Mitotic figures were detected involving all the three mesenchymal components of the neoplasm. Huge areas of necrosis were seen throughout the neoplasm. Decalcified rib sections revealed focally extensive involvement of the periosteum by spindle neoplastic cells.
On the basis of the previously reported literature, the above findings were considered consistent with a diagnosis of MLTB. In addition, differential diagnosis with vaccine-induced sarcoma was considered but the typical features such as cellular pleomorphism, lymphoid aggregates and blue–grey pigment laden macrophages were not found (Hendrick et al 1998, Thompson and Pool 2002, Gross et al 2005).
Histopathological examination of all other samples did not reveal any significant abnormality.
The MLTB was graded according to the six morphologic criteria established for canine species (Straw et al 1989, Thompson and Pool 2002): borders, size of lobules, organisation, mitosis/10 hpf, pleomorphism of cells, and necrosis. The neoplasm described was considered to be grade 2 (Table 2) on the basis of these criteria.
Histological grading system for multilobular tumour of bone (modified from Straw et al 1989)
The grading system results indicate the presence of malignancy criteria in spite of the absence of metastasis to major organs and a preserved lobular structure. However, the presence of mitotic figures often implies malignant transformation (Thompson and Pool 2002).
Erosive lesions to some ribs of the contralateral costal arch were in fact detected on CT examination; unfortunately such erosions were not histologically analysed and so whether these were metastatic lesions or secondary primary neoplasms could not be determined. A previous paper described a zygomatic arch MLTB in a dog having another smaller mass in a parietal bone upon CT examination; the metastatic or secondary primary neoplastic origin was not established as well as in our reported case (Hathcock and Newton 2000). Local recurrences and pulmonary metastasis were reported secondary to malignant transformation of MLTB in a case series of 39 dogs (Dernell et al 1998).
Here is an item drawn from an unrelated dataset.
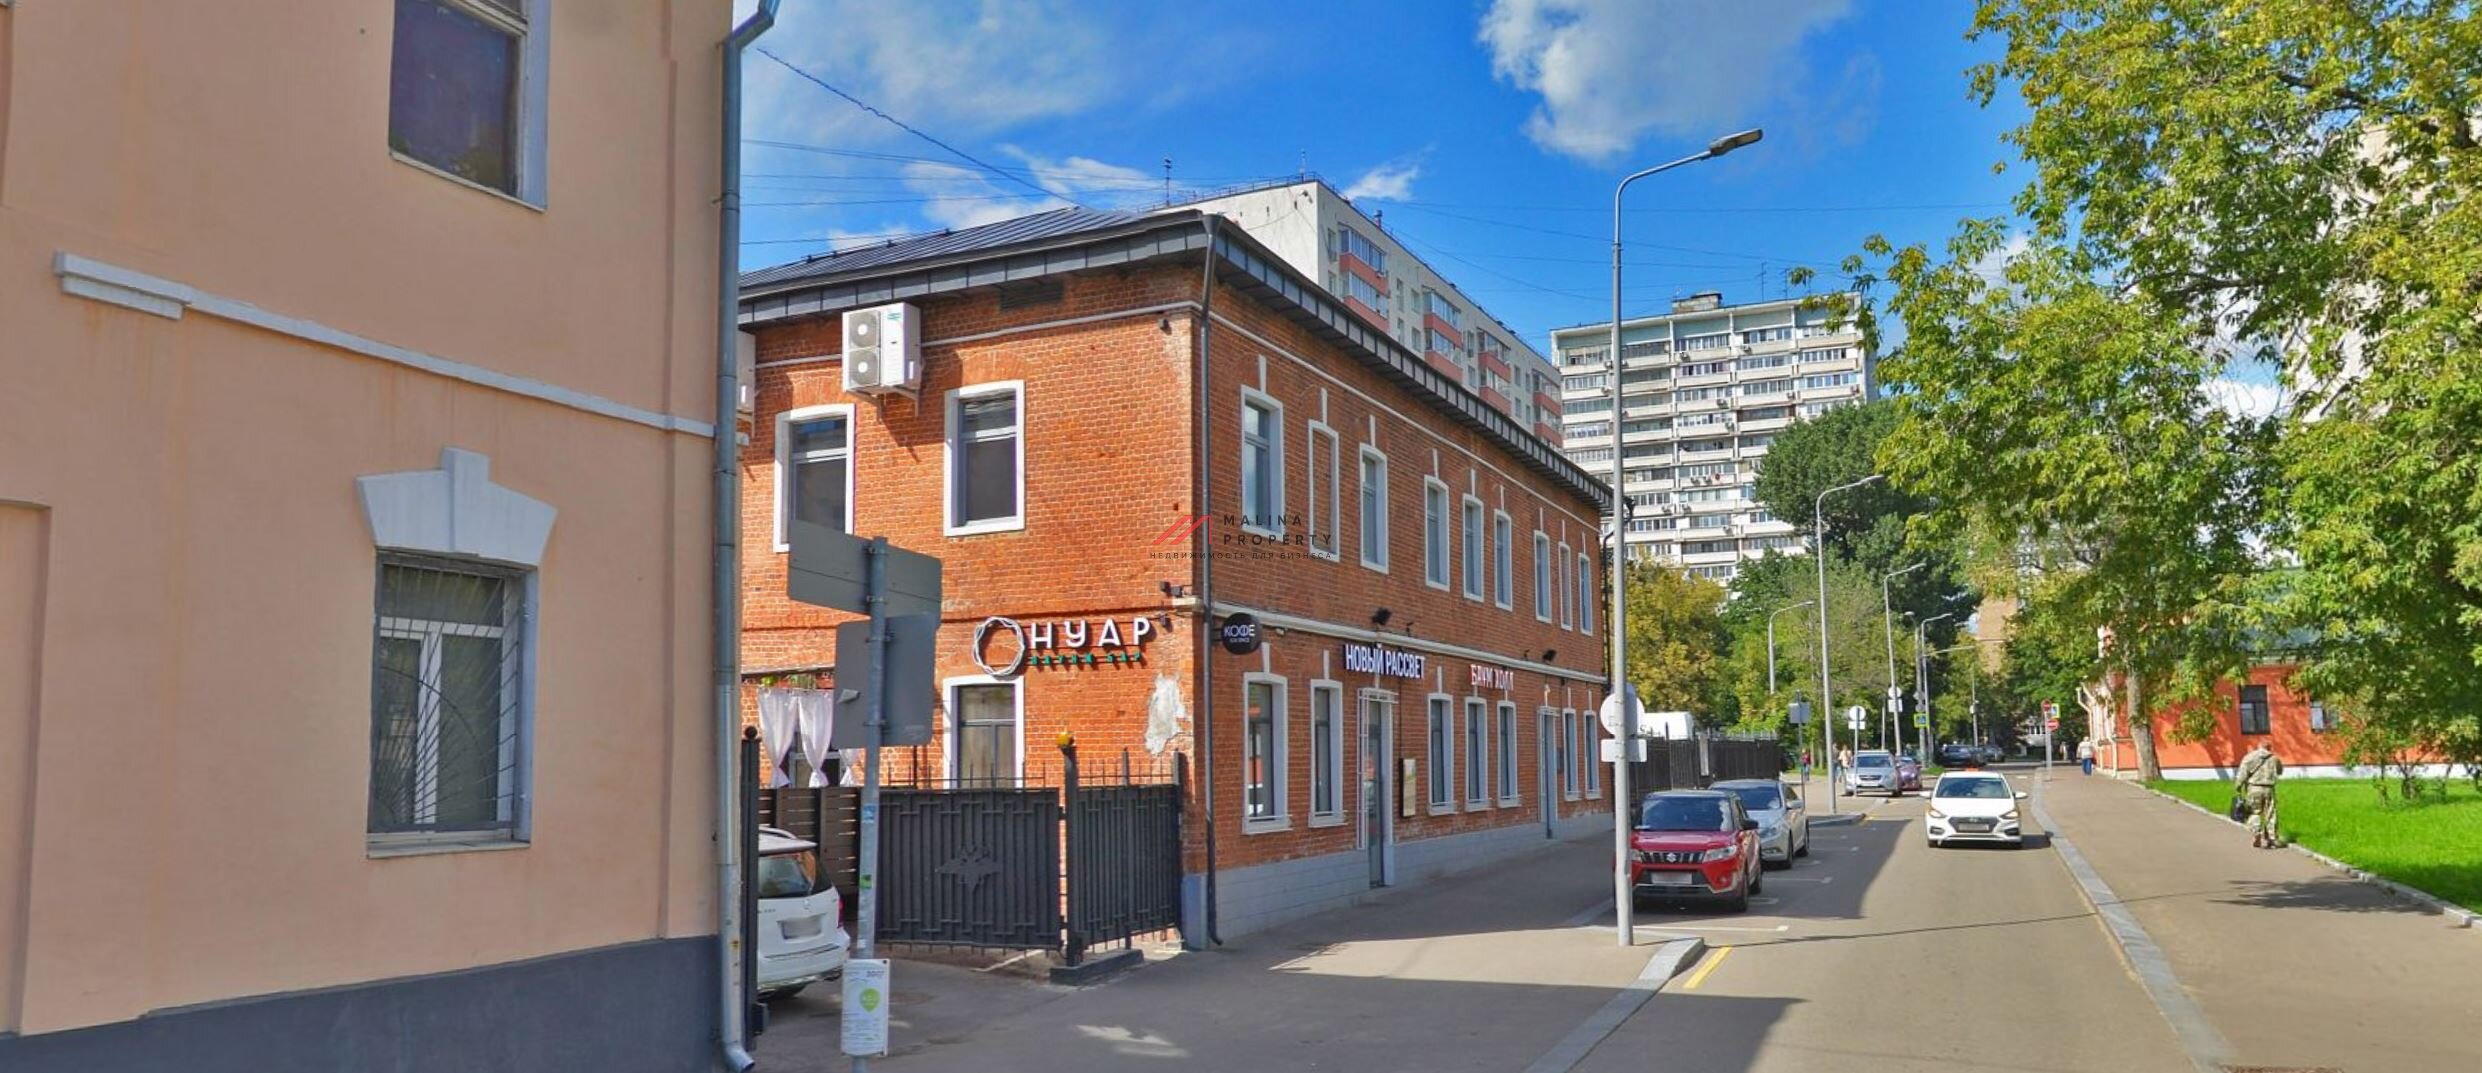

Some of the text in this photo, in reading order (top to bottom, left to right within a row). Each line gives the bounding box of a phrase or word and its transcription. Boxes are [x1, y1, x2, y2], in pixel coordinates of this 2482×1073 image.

[1224, 624, 1256, 637] КОФЕ
[1345, 642, 1426, 679] НОВЫЙ РАССВЕТ
Local skull recurrence was also reported in a cat (Yildiz et al 2003).
According to the hypothesised histogenesis of the MLTB (Thompson and Pool 2002), the neoplasm in this patient seemed to arise from the periosteal elements of the ribs without infiltrating bone tissue.
To the best of the authors' knowledge this is the first reported and imaged case of an MLTB involving the thoracic wall of a cat.